Situé dans le quartier de Goncourt à Paris, la maison est proche du canal Saint Martin et des maisons d'autres créatifs contemporains comme Inga Sempé, dont les œuvres de Stéphane et Massimiliano sont exposées dans le appartement. «Nous collectionnons des objets depuis un peu plus de 20 ans», dit Stéphane, sans jamais acheter d'antiquités. «Nous aimons les objets qui semblent nous dire quelque chose sur leur époque, celle dans laquelle nous sommes enracinés, les objets que nous ressentons "importants" s'ils sont liés à l'histoire récente des objets manufacturés ou de conception. "Les formes géométriques et les lavis de couleur constituent un cacophonie de délices visuels: un sol en résine rose, des murs turquoise et des étagères de cuisine qui brillent dans diverses nuances de fuchsia de l'Intérieur. Mais l'ambiance générale de la maison est lumineuse et lumineuse, un refuge dans la ville. «C'est une sorte d'abri dans lequel il fait bon se replier, dans lequel on peut se ressourcer, se couper du monde extérieur, dit Stéphane».

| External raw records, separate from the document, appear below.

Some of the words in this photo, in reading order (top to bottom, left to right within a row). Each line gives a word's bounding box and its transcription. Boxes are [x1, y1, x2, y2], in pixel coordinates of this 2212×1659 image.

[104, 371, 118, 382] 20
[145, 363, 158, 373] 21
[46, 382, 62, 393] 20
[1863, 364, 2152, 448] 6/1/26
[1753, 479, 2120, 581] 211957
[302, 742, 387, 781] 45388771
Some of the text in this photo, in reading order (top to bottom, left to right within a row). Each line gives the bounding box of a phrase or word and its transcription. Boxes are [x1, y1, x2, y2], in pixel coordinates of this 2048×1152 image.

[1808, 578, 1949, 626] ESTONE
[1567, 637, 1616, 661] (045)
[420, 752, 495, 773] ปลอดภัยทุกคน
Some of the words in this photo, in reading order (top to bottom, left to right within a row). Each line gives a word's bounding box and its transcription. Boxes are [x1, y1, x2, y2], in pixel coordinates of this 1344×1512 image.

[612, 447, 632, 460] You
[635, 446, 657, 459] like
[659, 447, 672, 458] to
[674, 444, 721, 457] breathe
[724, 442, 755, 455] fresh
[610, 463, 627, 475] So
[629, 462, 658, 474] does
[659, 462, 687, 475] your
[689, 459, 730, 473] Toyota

«Pour passer d'une zone à une autre, il suffit de monter ou descendre quelques marches plutôt que d'ouvrir ou de fermer une porte», explique Stéphane. Le sol rose brillant laisse place à des escaliers en béton et à une touche de carrelage en route vers la cuisine. "Cette planification en niveaux permet d'avoir deux points de vue sur l'appartement: Où que vous soyez dans l'appartement, le volume global se montre différemment."

Photo: Gianni Basso

À l'origine, il n'y avait pas de jardin - ils en ont donc construit un qui peut être vu de presque tous les points de vue de la maison. «L'appartement entoure un petit jardin et est entièrement orienté vers celui-ci», précise Stéphane. "Il y a un bananier qui y pousse, ainsi qu'un érable japonais, un lilas californien et des haricots espagnols, sans aucune restriction et en toute liberté."

Photo: Gianni Basso

La cloison Cloud des Bouroullecs, à la fois douce et géométrique, a été introduite pour contrer «l'imposant présence "de la cabine intérieure que Matali a conçue - et aussi, commodément, pour cacher le principal de la maison escalier. «Comme s'ils s'élevaient dans l'espace, les nuages ​​créent une sorte de refuge ouvert et très confortable», explique Stéphane. "C'est une construction douce et un outil enveloppant semblable à une belle couverture."

Photo: Gianni Basso

La chambre, située au deuxième étage de la cabine, est éclairée par la lumière du jour à travers ses parois transparentes. Un rideau vert est là pour bloquer la lumière lorsqu'ils dorment. Devant la porte, une lampe Inga Sempé brille sur une table.

Photo: Gianni Basso

La couleur, dit Stéphane, n'a jamais été une réflexion après coup mais en fait l'une de leurs premières considérations. «Nous aimons aussi jouer avec la symbolique des couleurs et essayer de nous en libérer», explique Stéphane. «Le rose que nous avons utilisé pour le sol dans notre projet est libéré des connotations et symboles féminins et enfantins habituels. Son utilisation pour le sol et son association avec des couleurs plus franches le rendent presque abstrait. "

Photo: Gianni Basso

Une salle de bain au rez-de-chaussée présente des murs plus ouverts et l'utilisation la plus évidente de la couleur de l'appartement: un comptoir turquoise super saturé.

Photo: Gianni Basso

«Évidemment, nous nous sommes entourés des objets que nous produisons avec Moustache», explique Stéphane. Ils apportent des prototypes à tester et à affiner avant de commencer la production. "Vivre avec ces objets nous permet de parfaire notre connaissance d'eux, de juger de leur manière de nous aider dans notre vie quotidienne."

Photo: Gianni Basso

Une cuisine relativement aérée avec des comptoirs en Corian et un îlot en sapin de Douglas se fond presque dans l'arrière-plan à côté des espaces collectifs dynamiques, preuve que la cuisine et sa fonctionnalité inhérente ne doivent pas toujours être le point central d'un domicile.

Photo: Gianni Basso

La salle à manger et le jardin au-delà se trouvent un étage au-dessus du niveau du sol, avec des portes en verre qui lui donnent une sensation intérieure-extérieure, même lorsqu'ils ne sont pas grands ouverts, comme ils ont tendance à l'être en été.